▶ [WHAT THIS TASK INVOLVES]:
Your reply must contain the full listing below, reproduced exactly, but no pictures.

*** EXERCISE MATERIAL Section Begins ***

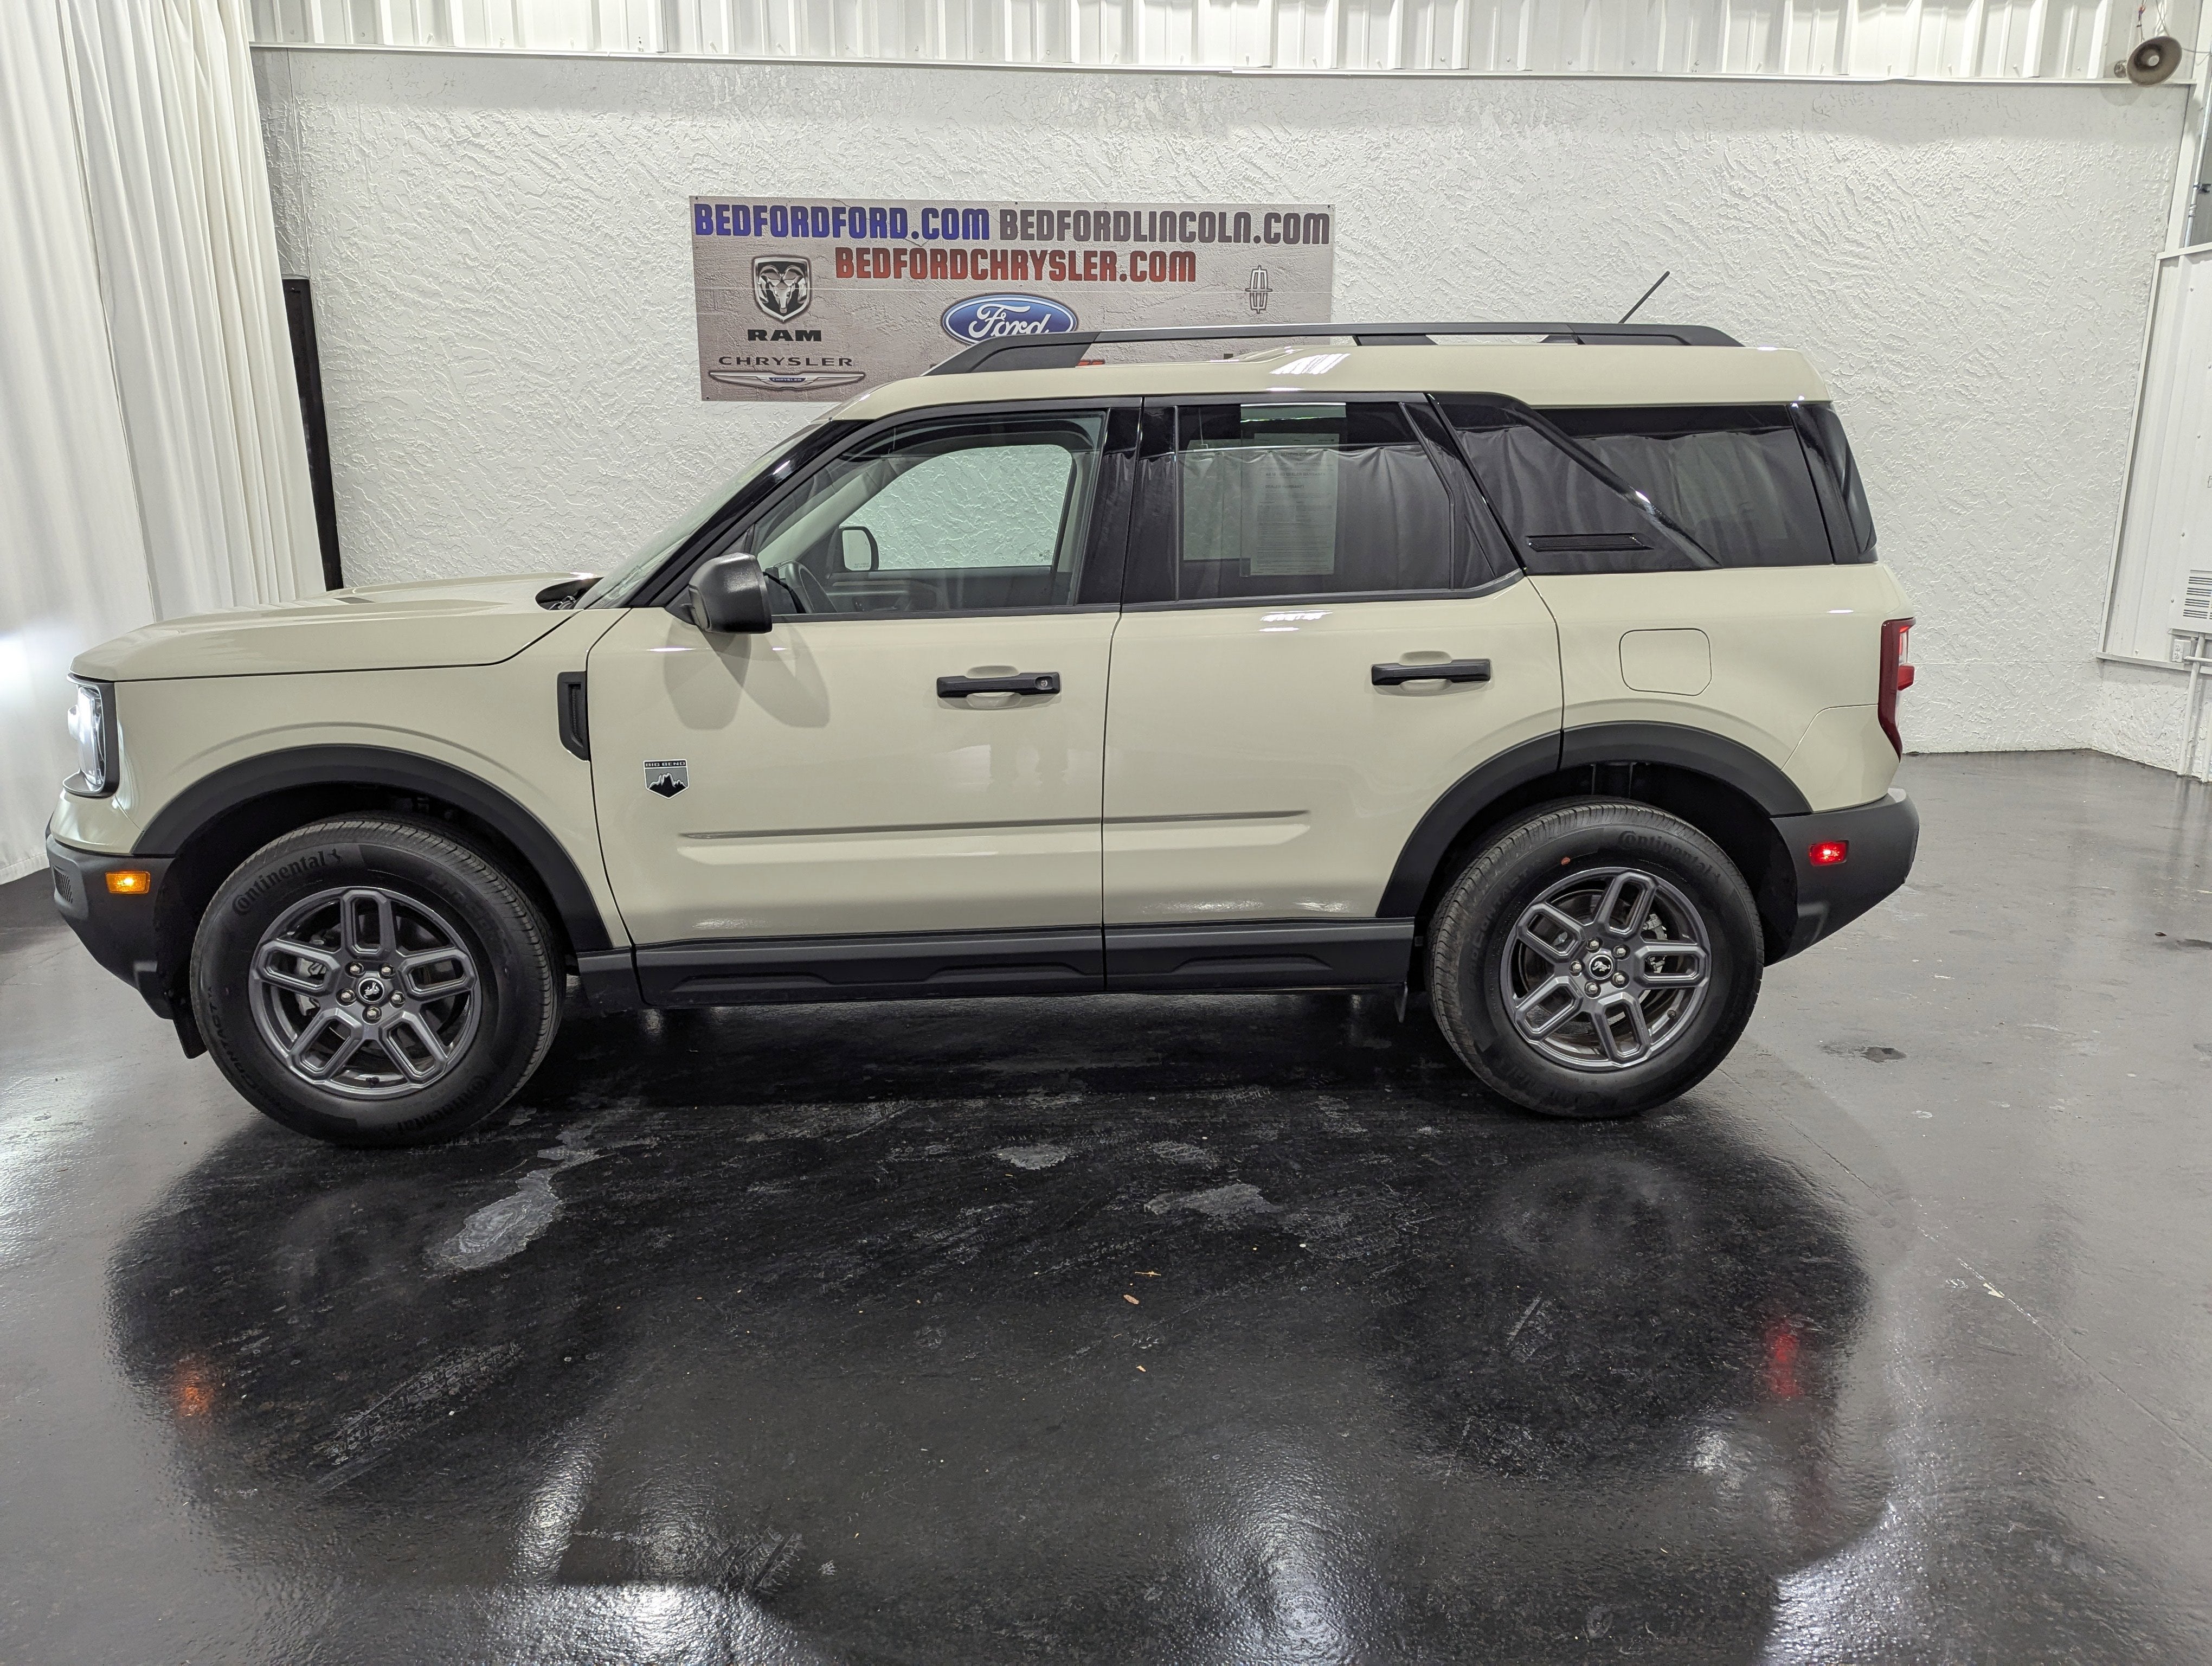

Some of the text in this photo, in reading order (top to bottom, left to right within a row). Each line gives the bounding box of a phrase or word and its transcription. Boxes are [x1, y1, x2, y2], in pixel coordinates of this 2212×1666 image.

[694, 203, 1330, 245] BEDFORDFORD.COM BEDFORDLINCOLN.COM
[835, 247, 1196, 282] BEDFORDCHRYSLER.COM
[747, 329, 822, 342] RAM
[968, 303, 1050, 338] Ford
[718, 356, 853, 367] CHRYSLER
[1617, 830, 1713, 874] Continental
[232, 850, 326, 916] Continental

*** EXERCISE MATERIAL Section Ends ***

▶ [SOLUTION FOR THIS TASK]:
Some of the text in this photo, in reading order (top to bottom, left to right within a row). Each line gives the bounding box of a phrase or word and its transcription. Boxes are [x1, y1, x2, y2], in pixel coordinates of this 2212×1666 image.

[694, 203, 1330, 245] BEDFORDFORD.COM BEDFORDLINCOLN.COM
[835, 247, 1196, 282] BEDFORDCHRYSLER.COM
[747, 329, 822, 342] RAM
[968, 303, 1050, 338] Ford
[718, 356, 853, 367] CHRYSLER
[1617, 830, 1713, 874] Continental
[232, 850, 326, 916] Continental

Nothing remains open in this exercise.